Yeah, Spanner and the Truetime API. Would be interesting to know whether there are many differences between the implementations (or indeed the abstractions offered). I always wonder whether there are rare occasions where such systems fail (e.g. the bounds reported don't actually capture the true time due to some bug), and what the resulting implications are for systems built on top of them.

bombcar · on Nov 21, 2022

I assume the reply to the write includes this new super accurate timestamp? So the read server knows it's behind a bit as the read request includes it also?

Melatonic · on Nov 22, 2022

I have to say I am not a fan of Facebook in general (their primary business that is) but their engineering is always impressive. And equally impressive is that they do everything in house.

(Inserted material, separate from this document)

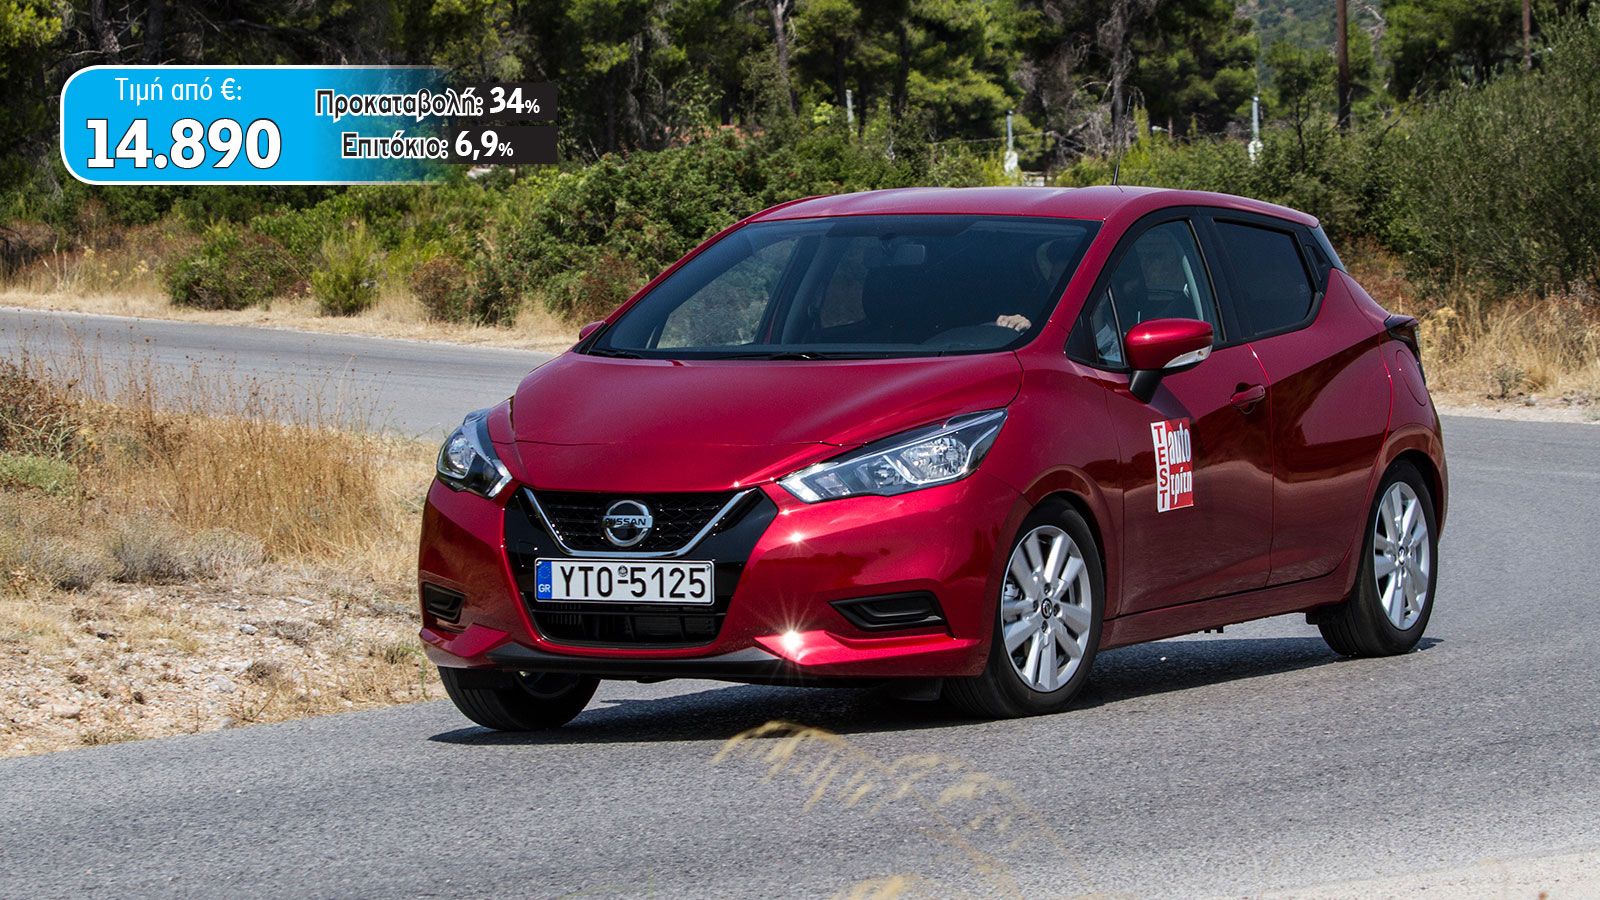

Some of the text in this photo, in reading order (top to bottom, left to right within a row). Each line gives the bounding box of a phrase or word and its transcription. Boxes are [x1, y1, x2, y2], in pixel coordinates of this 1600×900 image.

[1168, 422, 1191, 465] auto
[1154, 425, 1168, 509] TEST
[538, 583, 551, 593] GR

An interesting movie might be a dystopian future where Facebook itself falls out of use but some type of rogue group takes over the Facebook datacenter infrastructure and uses it for their own purposes.

s1mon · on Nov 21, 2022

It's interesting that Meta is doing such serious low level R&D like this, but it's funny because they can't even keep their notifications in sync with their web site. I get a notification (from the mobile app, I think) that Joe has a birthday today, I go to the web page to wish them a happy birthday, and despite reloading, the web site still shows the birthdays from the previous day. Then I have to dig around more to find Joe's page to post a HBD.

So as user, this level of time synchronization seems to be many orders of magnitude of over kill. I'm sure at some level it is actually important, but it seems like the database sync or whatever is going on with notifications is woefully lagging.